### [WHAT YOU NEED TO DO]
The response must restate the data exactly, with nothing left out.
# # # # # # #
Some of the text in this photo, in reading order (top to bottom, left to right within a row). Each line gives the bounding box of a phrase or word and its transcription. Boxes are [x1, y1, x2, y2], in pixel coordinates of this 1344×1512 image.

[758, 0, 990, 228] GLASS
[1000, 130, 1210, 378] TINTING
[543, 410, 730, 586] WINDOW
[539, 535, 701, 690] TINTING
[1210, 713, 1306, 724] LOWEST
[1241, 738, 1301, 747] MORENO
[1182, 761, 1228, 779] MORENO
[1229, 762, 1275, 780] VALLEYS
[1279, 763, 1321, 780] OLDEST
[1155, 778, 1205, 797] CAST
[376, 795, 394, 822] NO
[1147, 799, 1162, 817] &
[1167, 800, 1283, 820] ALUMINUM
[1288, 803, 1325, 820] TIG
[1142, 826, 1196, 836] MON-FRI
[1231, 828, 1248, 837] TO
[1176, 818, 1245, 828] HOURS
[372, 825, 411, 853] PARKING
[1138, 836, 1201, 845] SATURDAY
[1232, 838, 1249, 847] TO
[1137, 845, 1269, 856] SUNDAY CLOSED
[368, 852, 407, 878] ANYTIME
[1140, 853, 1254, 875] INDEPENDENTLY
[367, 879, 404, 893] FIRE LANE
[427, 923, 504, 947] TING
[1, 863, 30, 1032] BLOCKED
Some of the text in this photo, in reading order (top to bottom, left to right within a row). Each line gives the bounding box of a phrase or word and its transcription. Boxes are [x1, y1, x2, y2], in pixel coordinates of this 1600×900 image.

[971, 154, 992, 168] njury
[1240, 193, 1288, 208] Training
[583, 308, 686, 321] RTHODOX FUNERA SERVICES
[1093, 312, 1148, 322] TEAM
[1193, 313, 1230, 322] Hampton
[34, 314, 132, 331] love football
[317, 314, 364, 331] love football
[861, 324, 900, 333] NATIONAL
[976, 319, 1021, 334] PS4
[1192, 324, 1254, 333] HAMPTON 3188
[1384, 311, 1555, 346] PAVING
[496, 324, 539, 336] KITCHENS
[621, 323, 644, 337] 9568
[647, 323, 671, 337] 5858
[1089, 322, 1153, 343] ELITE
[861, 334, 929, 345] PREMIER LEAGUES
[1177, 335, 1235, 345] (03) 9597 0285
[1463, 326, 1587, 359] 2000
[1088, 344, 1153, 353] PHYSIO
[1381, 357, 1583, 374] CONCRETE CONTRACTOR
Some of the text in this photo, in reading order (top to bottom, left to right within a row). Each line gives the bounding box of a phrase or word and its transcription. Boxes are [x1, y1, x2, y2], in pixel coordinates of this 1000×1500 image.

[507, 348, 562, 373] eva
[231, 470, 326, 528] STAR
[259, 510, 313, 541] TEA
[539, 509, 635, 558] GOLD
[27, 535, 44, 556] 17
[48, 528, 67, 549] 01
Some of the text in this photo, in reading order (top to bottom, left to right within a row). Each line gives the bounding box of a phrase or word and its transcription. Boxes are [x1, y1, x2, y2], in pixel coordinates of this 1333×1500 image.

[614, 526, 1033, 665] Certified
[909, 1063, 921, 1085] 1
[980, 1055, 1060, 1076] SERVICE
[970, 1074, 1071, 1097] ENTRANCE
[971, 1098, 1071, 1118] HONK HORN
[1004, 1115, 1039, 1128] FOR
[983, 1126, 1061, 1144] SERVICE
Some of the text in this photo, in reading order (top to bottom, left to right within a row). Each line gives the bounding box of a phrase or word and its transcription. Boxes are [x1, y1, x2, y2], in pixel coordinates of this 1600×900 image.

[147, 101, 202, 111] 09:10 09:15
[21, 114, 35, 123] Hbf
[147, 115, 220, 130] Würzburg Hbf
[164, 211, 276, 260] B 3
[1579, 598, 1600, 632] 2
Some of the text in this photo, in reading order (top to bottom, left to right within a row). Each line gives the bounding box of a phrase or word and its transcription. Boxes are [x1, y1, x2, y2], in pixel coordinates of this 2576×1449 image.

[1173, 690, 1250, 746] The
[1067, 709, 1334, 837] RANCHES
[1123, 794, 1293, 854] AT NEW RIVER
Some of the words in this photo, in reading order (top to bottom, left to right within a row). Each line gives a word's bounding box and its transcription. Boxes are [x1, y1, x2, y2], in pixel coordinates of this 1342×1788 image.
# # # # # # #
### [ANSWER FOR THE TASK]
Some of the text in this photo, in reading order (top to bottom, left to right within a row). Each line gives the bounding box of a phrase or word and its transcription. Boxes are [x1, y1, x2, y2], in pixel coordinates of this 1344×1512 image.

[758, 0, 990, 228] GLASS
[1000, 130, 1210, 378] TINTING
[543, 410, 730, 586] WINDOW
[539, 535, 701, 690] TINTING
[1210, 713, 1306, 724] LOWEST
[1241, 738, 1301, 747] MORENO
[1182, 761, 1228, 779] MORENO
[1229, 762, 1275, 780] VALLEYS
[1279, 763, 1321, 780] OLDEST
[1155, 778, 1205, 797] CAST
[376, 795, 394, 822] NO
[1147, 799, 1162, 817] &
[1167, 800, 1283, 820] ALUMINUM
[1288, 803, 1325, 820] TIG
[1142, 826, 1196, 836] MON-FRI
[1231, 828, 1248, 837] TO
[1176, 818, 1245, 828] HOURS
[372, 825, 411, 853] PARKING
[1138, 836, 1201, 845] SATURDAY
[1232, 838, 1249, 847] TO
[1137, 845, 1269, 856] SUNDAY CLOSED
[368, 852, 407, 878] ANYTIME
[1140, 853, 1254, 875] INDEPENDENTLY
[367, 879, 404, 893] FIRE LANE
[427, 923, 504, 947] TING
[1, 863, 30, 1032] BLOCKED
Some of the text in this photo, in reading order (top to bottom, left to right within a row). Each line gives the bounding box of a phrase or word and its transcription. Boxes are [x1, y1, x2, y2], in pixel coordinates of this 1600×900 image.

[971, 154, 992, 168] njury
[1240, 193, 1288, 208] Training
[583, 308, 686, 321] RTHODOX FUNERA SERVICES
[1093, 312, 1148, 322] TEAM
[1193, 313, 1230, 322] Hampton
[34, 314, 132, 331] love football
[317, 314, 364, 331] love football
[861, 324, 900, 333] NATIONAL
[976, 319, 1021, 334] PS4
[1192, 324, 1254, 333] HAMPTON 3188
[1384, 311, 1555, 346] PAVING
[496, 324, 539, 336] KITCHENS
[621, 323, 644, 337] 9568
[647, 323, 671, 337] 5858
[1089, 322, 1153, 343] ELITE
[861, 334, 929, 345] PREMIER LEAGUES
[1177, 335, 1235, 345] (03) 9597 0285
[1463, 326, 1587, 359] 2000
[1088, 344, 1153, 353] PHYSIO
[1381, 357, 1583, 374] CONCRETE CONTRACTOR
Some of the text in this photo, in reading order (top to bottom, left to right within a row). Each line gives the bounding box of a phrase or word and its transcription. Boxes are [x1, y1, x2, y2], in pixel coordinates of this 1000×1500 image.

[507, 348, 562, 373] eva
[231, 470, 326, 528] STAR
[259, 510, 313, 541] TEA
[539, 509, 635, 558] GOLD
[27, 535, 44, 556] 17
[48, 528, 67, 549] 01
Some of the text in this photo, in reading order (top to bottom, left to right within a row). Each line gives the bounding box of a phrase or word and its transcription. Boxes are [x1, y1, x2, y2], in pixel coordinates of this 1333×1500 image.

[614, 526, 1033, 665] Certified
[909, 1063, 921, 1085] 1
[980, 1055, 1060, 1076] SERVICE
[970, 1074, 1071, 1097] ENTRANCE
[971, 1098, 1071, 1118] HONK HORN
[1004, 1115, 1039, 1128] FOR
[983, 1126, 1061, 1144] SERVICE
Some of the text in this photo, in reading order (top to bottom, left to right within a row). Each line gives the bounding box of a phrase or word and its transcription. Boxes are [x1, y1, x2, y2], in pixel coordinates of this 1600×900 image.

[147, 101, 202, 111] 09:10 09:15
[21, 114, 35, 123] Hbf
[147, 115, 220, 130] Würzburg Hbf
[164, 211, 276, 260] B 3
[1579, 598, 1600, 632] 2
Some of the text in this photo, in reading order (top to bottom, left to right within a row). Each line gives the bounding box of a phrase or word and its transcription. Boxes are [x1, y1, x2, y2], in pixel coordinates of this 2576×1449 image.

[1173, 690, 1250, 746] The
[1067, 709, 1334, 837] RANCHES
[1123, 794, 1293, 854] AT NEW RIVER
Some of the words in this photo, in reading order (top to bottom, left to right within a row). Each line gives a word's bounding box and its transcription. Boxes are [x1, y1, x2, y2], in pixel coordinates of this 1342×1788 image.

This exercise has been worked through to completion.